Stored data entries
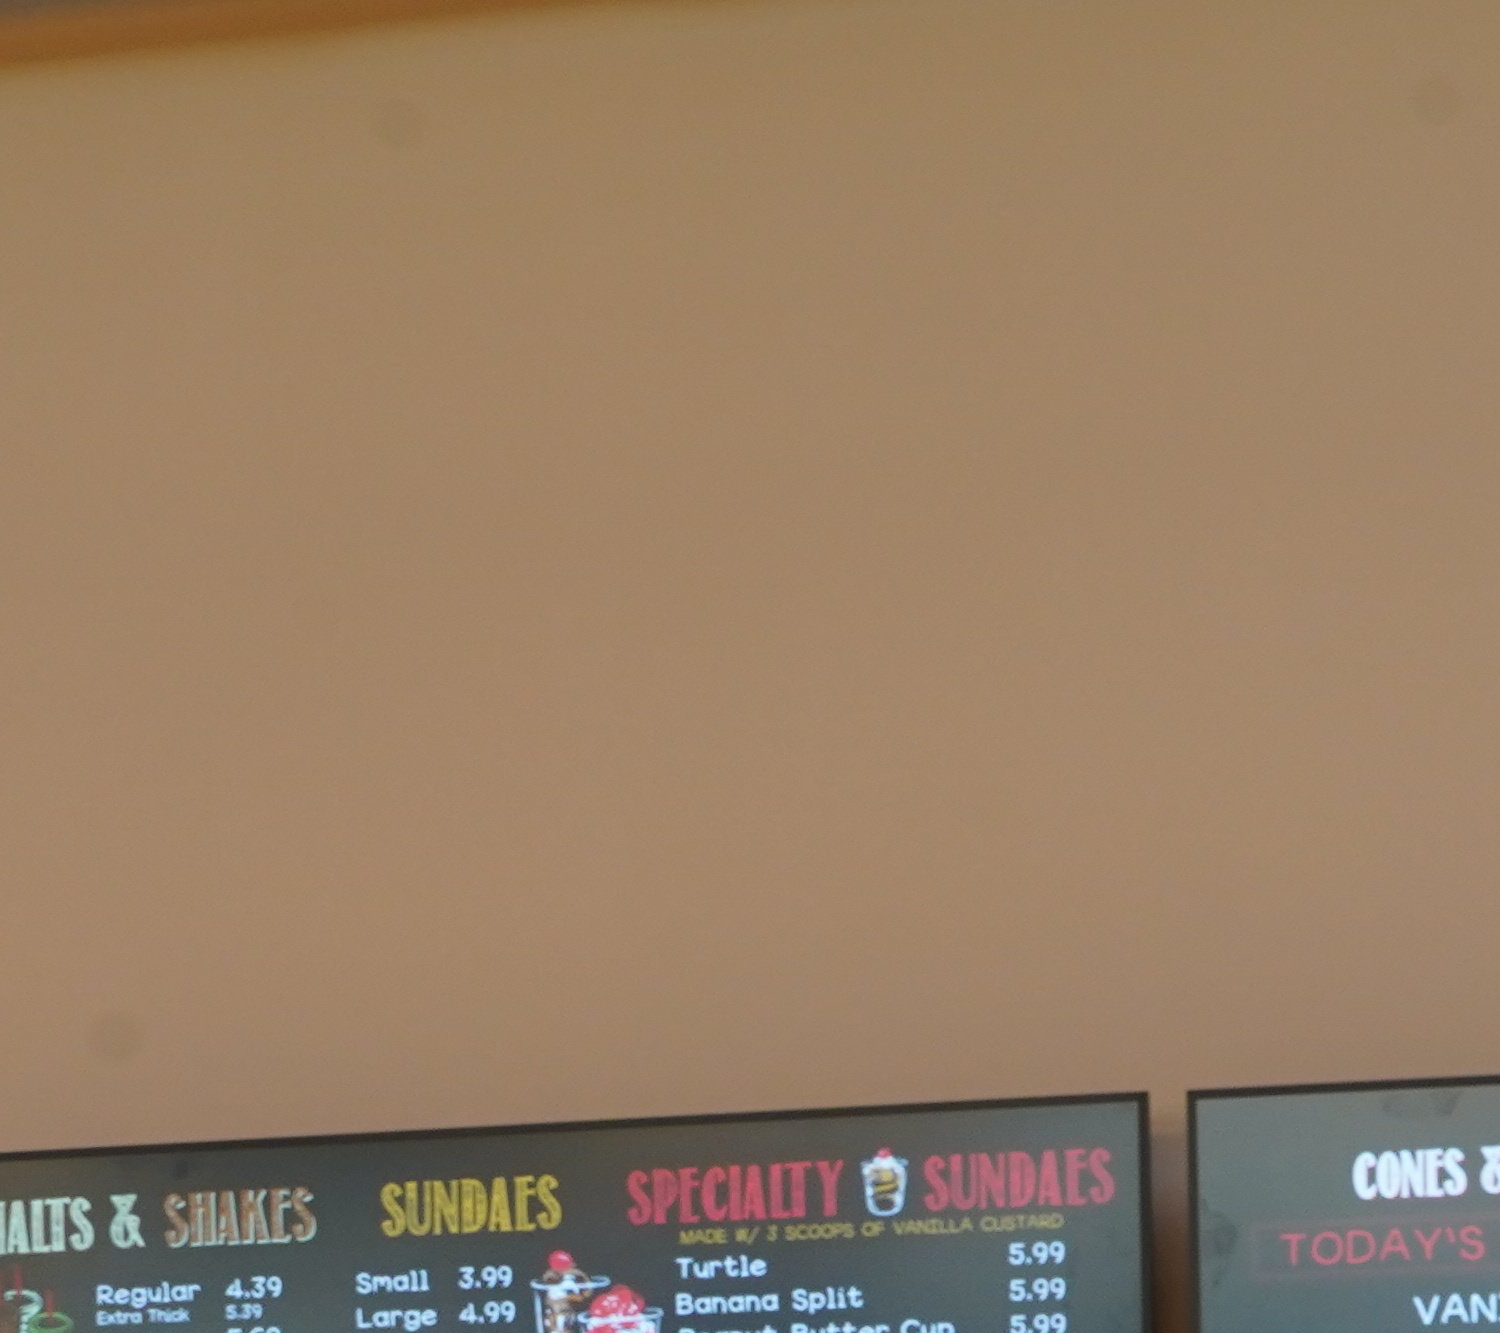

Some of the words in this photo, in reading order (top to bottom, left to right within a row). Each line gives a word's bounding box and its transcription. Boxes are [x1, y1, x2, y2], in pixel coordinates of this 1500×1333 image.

[627, 1160, 844, 1225] SPECIALTY
[924, 1147, 1115, 1211] SUNDAES
[1352, 1148, 1467, 1200] CONES
[110, 1194, 145, 1249] &
[164, 1187, 317, 1248] SHAKES
[381, 1174, 562, 1237] SUNDAES
[1009, 1241, 1065, 1265] 5.99
[1280, 1225, 1486, 1265] TODAY'S
[356, 1270, 429, 1294] Small
[459, 1266, 512, 1289] 3.99
[676, 1255, 767, 1279] Turtle
[96, 1282, 201, 1309] Regular
[226, 1276, 282, 1299] 4.39
[356, 1308, 437, 1332] Large
[459, 1301, 516, 1323] 4.99

▸ Activity
Without including a single picture, restate all of the data word for word.

▸ Written response
Some of the words in this photo, in reading order (top to bottom, left to right within a row). Each line gives a word's bounding box and its transcription. Boxes are [x1, y1, x2, y2], in pixel coordinates of this 1500×1333 image.

[627, 1160, 844, 1225] SPECIALTY
[924, 1147, 1115, 1211] SUNDAES
[1352, 1148, 1467, 1200] CONES
[110, 1194, 145, 1249] &
[164, 1187, 317, 1248] SHAKES
[381, 1174, 562, 1237] SUNDAES
[1009, 1241, 1065, 1265] 5.99
[1280, 1225, 1486, 1265] TODAY'S
[356, 1270, 429, 1294] Small
[459, 1266, 512, 1289] 3.99
[676, 1255, 767, 1279] Turtle
[96, 1282, 201, 1309] Regular
[226, 1276, 282, 1299] 4.39
[356, 1308, 437, 1332] Large
[459, 1301, 516, 1323] 4.99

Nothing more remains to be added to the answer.